Highly Commended in category Health & Wellness

In subcategory Consumer-Digital

Project Description
The brief was to raise awareness of Babylon, a revolutionary health app which enables people to receive accurate medical advice from real Doctors in minutes. Unfortunately, only 4.2% of Londoners were familiar with Babylon.
Our target audience were time-poor, digital-savvy city-dwellers with no or little previous exposure to the brand. While exploring this demographic we closed in on what psychologist Dr Kit Yarrow describes as the I want what I want when I want it generation. Their expectations have been raised by ‘on-demand’ experiences in many sectors, so why not healthcare?
With Babylon, you don’t need see a Doctor in person. This is a genuine game changer, but behavioural shifts are hard to achieve. Our insight was to identify a behaviour that we could nudge: everyday, millions of people misdiagnose themselves using the internet. 1 in 20 Google searches are health related. The result is ‘cyberchondria’, a real condition to which Babylon is the perfect antidote.
Agency Solution
To raise awareness of Babylon, we launched an integrated campaign that explored ‘cyberchondria’ through simple, witty adverts which illustrated the absurdity of Googling your medical symptoms.

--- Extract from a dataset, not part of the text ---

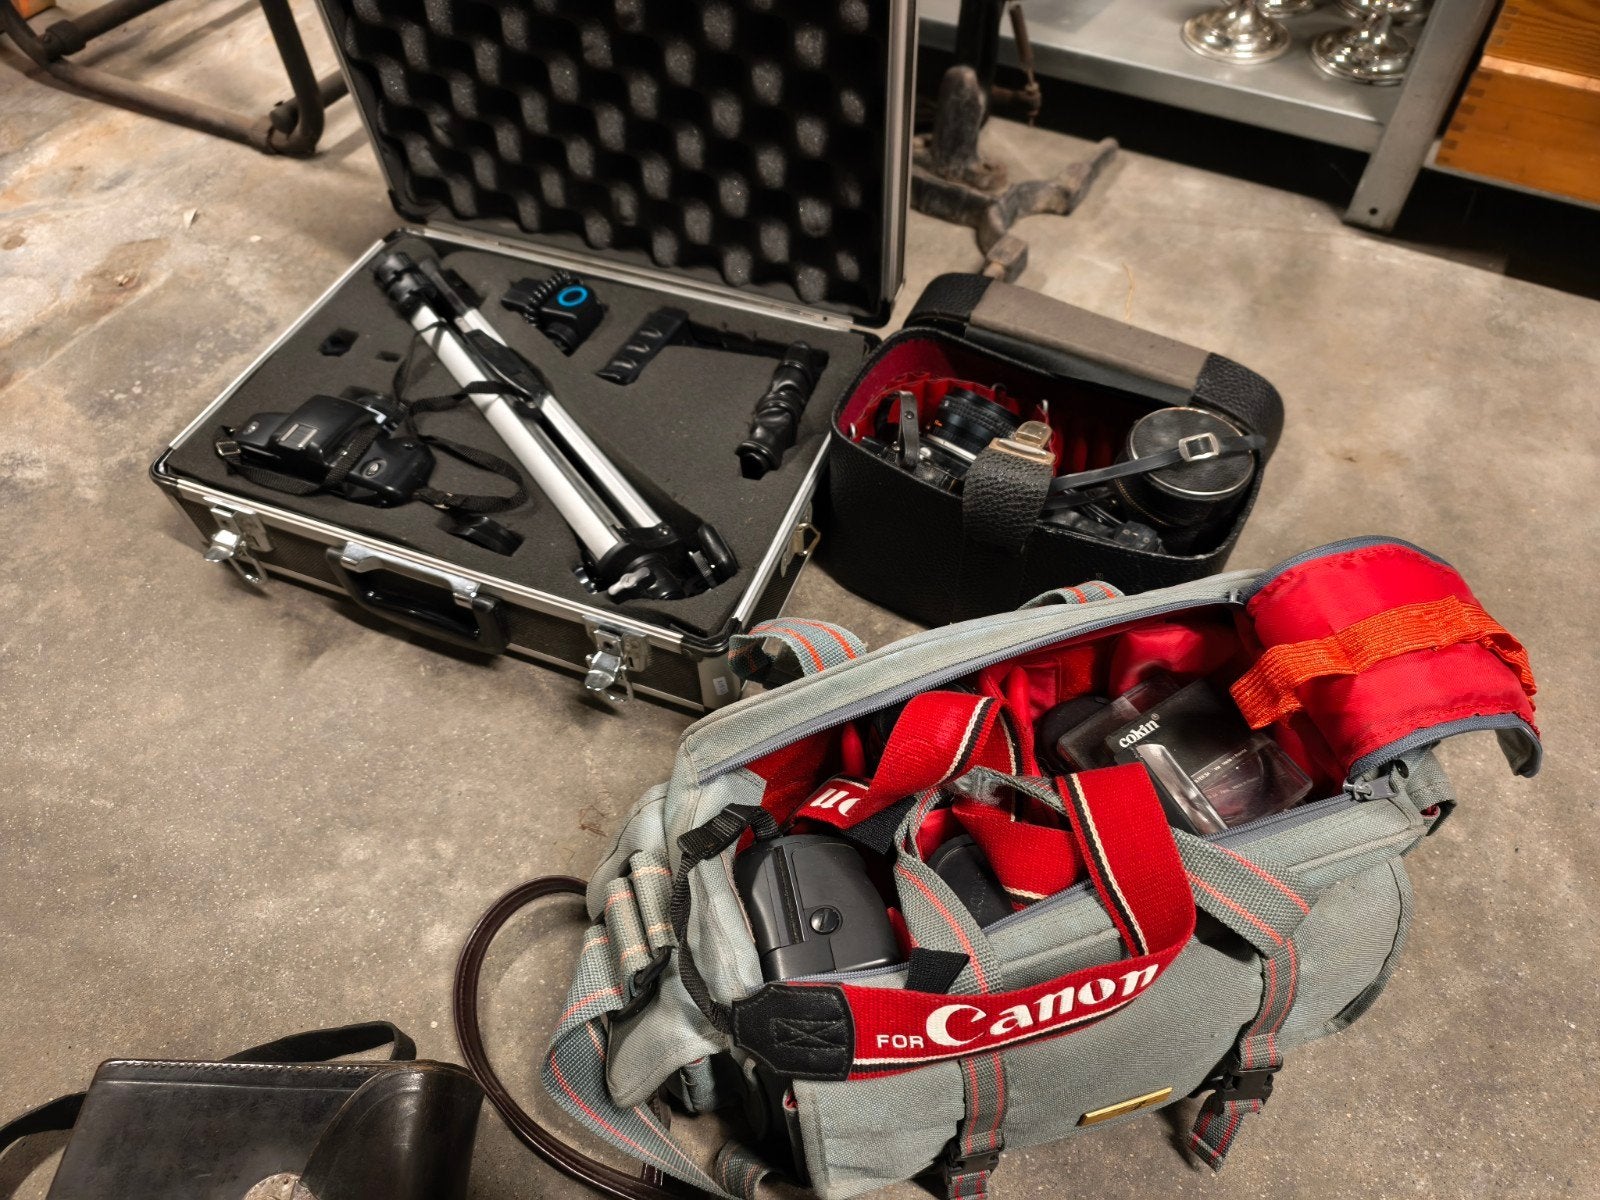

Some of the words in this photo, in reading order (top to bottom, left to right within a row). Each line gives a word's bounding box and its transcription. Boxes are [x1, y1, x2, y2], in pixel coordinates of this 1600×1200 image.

[1119, 720, 1160, 748] cokin
[877, 1034, 924, 1049] FOR
[925, 963, 1159, 1047] Canon

By focusing on large format OOH sites and high-circulation free magazines, we created the ‘feel’ of a big campaign on a limited budget. What’s more, after identifying the London boroughs where our audience (the I want what I want when I want it generation) indexed highest, we concentrated our entire media spend there. Residents of other boroughs might never see the work, but residents of Hackney or Southwark saw the campaign an average of 5 times.
Another layer of relevance was added through careful media planning. Individual executions were positioned in the places they were most relevant, e.g. ads referencing ‘indigestion’ were positioned outside fast food joints. The campaign ran from the end of December to the beginning of February; the period during which people are most likely to be sick.